Chętni do współpracy mogą kontaktować się z koordynatorką, Martą Dorobek - tel. 502 284 240.

Działania grupy #notoszyjemy koordynuje z kolei Anna Olkowska-Jacyno z Urzędu Miasta Malborka, a szyją m.in. pracownicy środowiskowych domów samopomocy w Lasowicach Wielkich i Kończewicach. Chętnych cały czas przybywa, zgłaszają się też ochotnicy z materiałem. Dzięki temu w maseczki ochronne zostali zaopatrzeni miejscy pracownicy, po 100 sztuk zostało przekazanych przez magistrat do DPS i MOPS. Urząd dostarczył również 50 maseczek dla Starostwa Powiatowego w Malborku. To wszystko również zasługa Studia Projekt w Malborku, które podarowało magistratowi 100 maseczek.

Wielkie szycie trwa w środowisku skupionym wokół Malborskiego Centrum Kultury i Edukacji. Zaangażowały się pracownice i instruktorki grup działających w MCKiE, m.in. Celina Pacanowska. Podkreślamy to nie bez powodu, bo jako kierownik artystyczny i choreograf zespołu tanecznego Bursztynki jest też wprawną krawcową, od lat projektując i szyjąc stroje dla dzieci. Oczywiście, obecna akcja nie miałaby takiego rozpędu, gdyby nie mamy i babcie uczestników zajęć w MCKiE, wspierające pracownice i panie instruktorki.

Działania tej grupy koordynuje Maria Seibert (tel. 508 198 237. Maseczki będą rozdane seniorom ze związków kombatantów, pracownikom instytucji mającym kontakt z klientem oraz dla szpitala.
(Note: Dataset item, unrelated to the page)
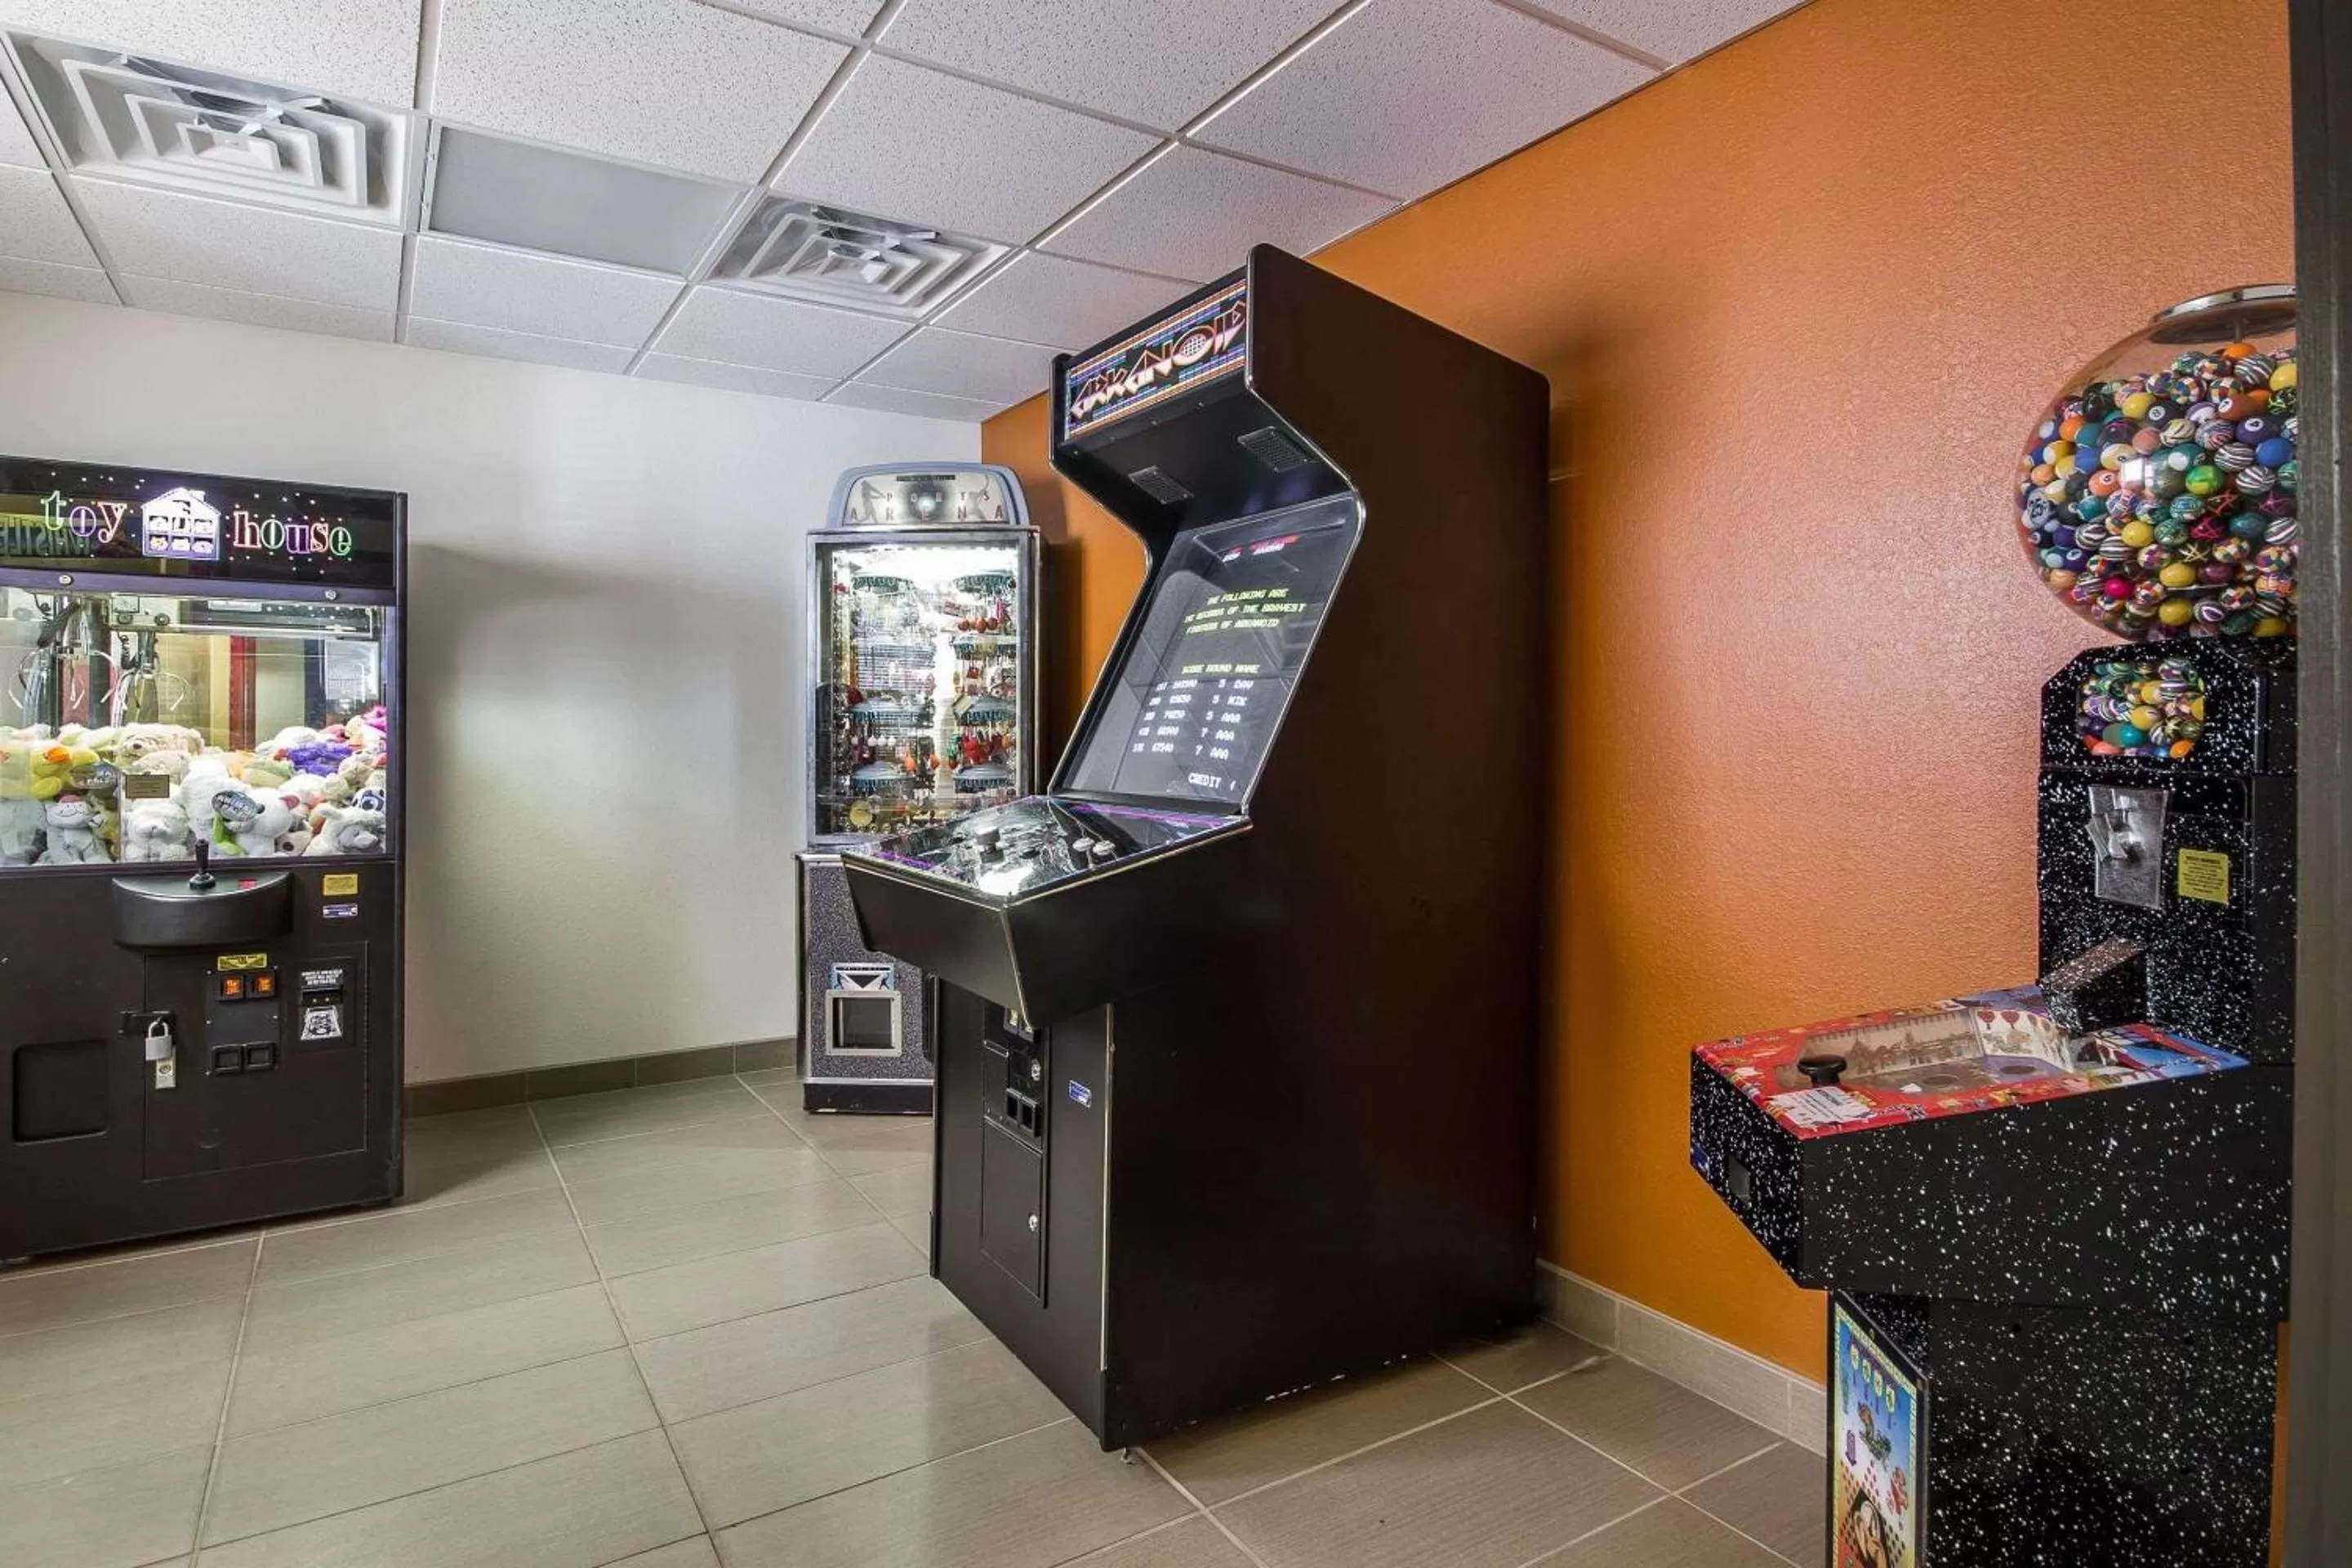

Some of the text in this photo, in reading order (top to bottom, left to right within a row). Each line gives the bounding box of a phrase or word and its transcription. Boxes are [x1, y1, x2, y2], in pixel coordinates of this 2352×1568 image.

[850, 505, 1004, 521] ARENA
[41, 490, 352, 556] toy house
[1187, 773, 1223, 789] CREDIT
Są też inicjatywy mniejsze, indywidualne. Na przykład Anna Milewicz, właścicielka pracowni szycia sukni ślubnych i wieczorowych w Malborku, uszyła i przekazała sto maseczek Przychodni Weterynaryjnej Zwierzyniec. Lekarze weterynarii, choć w ograniczonym zakresie, pracują non stop, niosąc pomoc zwierzętom.

Warto też dodać, że do maszyn zasiadły nie tylko panie, ale też panowie. A na pewno wiemy co najmniej o jednym szyjącym mężczyźnie, czyli pracowniku ŚDS w Lasowicach Wielkich.

Osoby chętne do szycia maseczek mogą cały czas kontaktować się również z Grzegorzem Kłakiem, inspektorem ds. zarządzania kryzysowego, obrony cywilnej i spraw obronnych - tel. 512 180 743.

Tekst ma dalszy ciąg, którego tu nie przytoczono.